Here are a few examples: class({(Inside(Triangle,Circle),1)}) = Class1; class({(Circle,1),(Triangle,1),(Inside(Triangle,Circle),1)}) = … Class1; class({(Inside(Circle,Triangle),1)}) = Class2; …

Our learning system finds the following definition. class(d) = if (exists \p -> p 'in' d && (exists \s t -> shapeP(p) == Inside(s,t) && s == Circle)) then Class2 else Class1;

Here in is a built-in predicate for set membership (the quotes make it infix). It follows that p is of type (Shape,Int). The shapeP projection selects the first element of the pair, i.e. a shape, and tests whether it equals the term Inside(Circle,t), for some t. Notice again how the Escher type definitions naturally generate the hypothesis space. The existential variables appear because (i) the top-level type is a set, from which we may select an element, and (ii) one of the data types defines a constructor.
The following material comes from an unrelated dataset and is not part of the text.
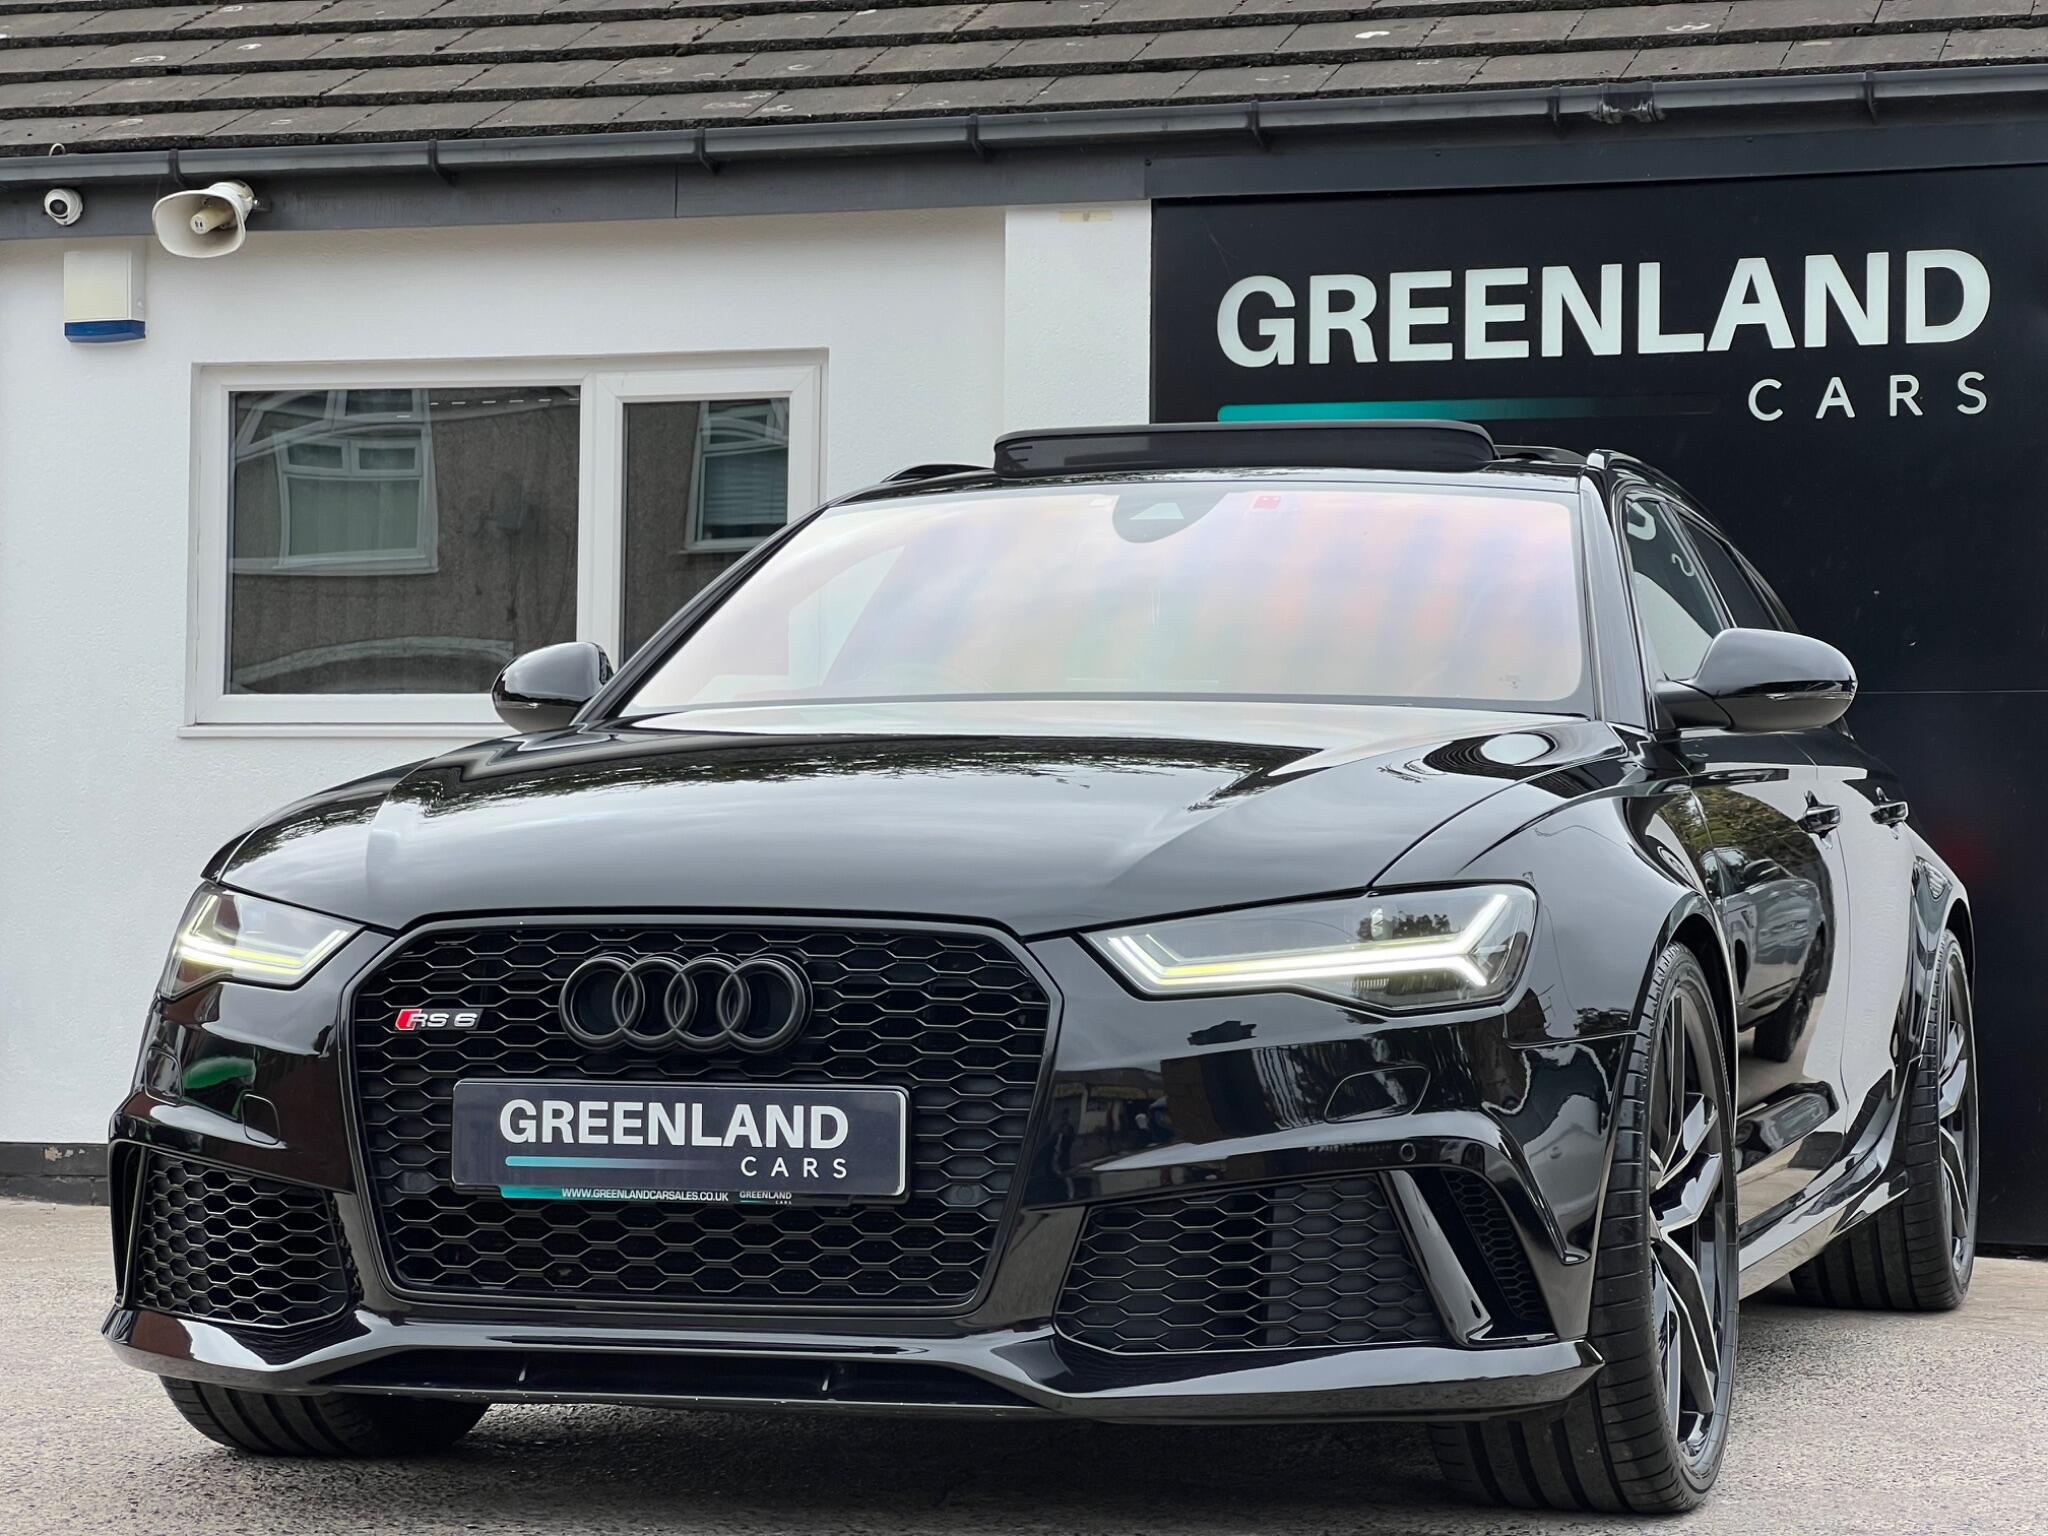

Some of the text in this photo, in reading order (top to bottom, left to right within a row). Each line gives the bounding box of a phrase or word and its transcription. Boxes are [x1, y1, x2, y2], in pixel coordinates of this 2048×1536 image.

Our third and final example involves mutagenicity [5]. An abstract view of a molecule is that it is a graph with atoms as nodes and bonds as edges. Below we represent this graph by the set of atoms and the set of bonds; in the next section we give an atom-centered representation. The type signature is as follows: data Element = Br | C | Cl | F | H | I | N | O | S; type Ind1 = Bool; type IndA = Bool; type Lumo = Float; type LogP = Float; type Label = Int; type AtomType = Int; type Charge = Float; type BondType = Int; type Atom = (Label,Element,AtomType,Charge); type Bond = ({Label},BondType); type Molecule = (Ind1,IndA,Lumo,LogP,{Atom},{Bond}); mutagenic::Molecule->Bool;

Notice the use of labels to model the complex geometric structure of individuals. Labels, here simply represented as integers, are used to name part of an individual (here: atoms) in order to be able to refer to it in other parts. The reason for labelling

the atoms is that we need to record the bonds between individual atoms in the molecule. The last component of a molecule sextuple records the bond information. Here is (part of) an example, classifying one particular molecule as mutagenic. mutagenic(True,False,-1.246,4.23, {(1,C,22,-0.117),(2,C,22,-0.117),…,(26,O,40,-0.388)}, {({1,2},7),…,({24,26},2)}) = True;

So, for instance, in this molecule there is a bond between Carbon atom 1 and Carbon atom 2 of type 7. The following is a possible (partial) induced definition based on the theories induced by Progol. mutagenic(m) = ind1P(m) == True || lumoP(m) a 'in' atomSetP(m) && elementP(a)==C && atomTypeP(a)==26 && chargeP(a)==0.115) || (exists \b1 b2 -> b1 'in' bondSetP(m) && b2 'in' bondSetP(m) && bondTypeP(b1)==1 && bondTypeP(b2)==2 && not disjoint(labelSetP(b1),labelSetP(b2)) || (exists \a -> a 'in' atomSetP(m) && elementP(a)==C && atomTypeP(a)==29 && (exists \b1 b2 -> b1 'in' bondSetP(m) && b2 'in' bondSetP(m) && bondTypeP(b1)==7 && bondTypeP(b2)==1 && labelP(a) 'in' labelSetP(b1) && not disjoint(labelSetP(b1),labelSetP(b2)))) || …;

The projection atomSetP is the projection onto the fifth component of a molecule. Similarly, labelSetP is the projection onto the first component of a bond. The predicate disjoint returns false if its arguments intersect and true otherwise. Notice the use of labels in the fifth disjunct to denote that there is a bond b1 from atom a to another atom, and a bond b2 from that atom to a third. The definition above is a direct translation of some clauses induced by Progol; we expect our learner will produce a similar result in the form of an if-then-else statement.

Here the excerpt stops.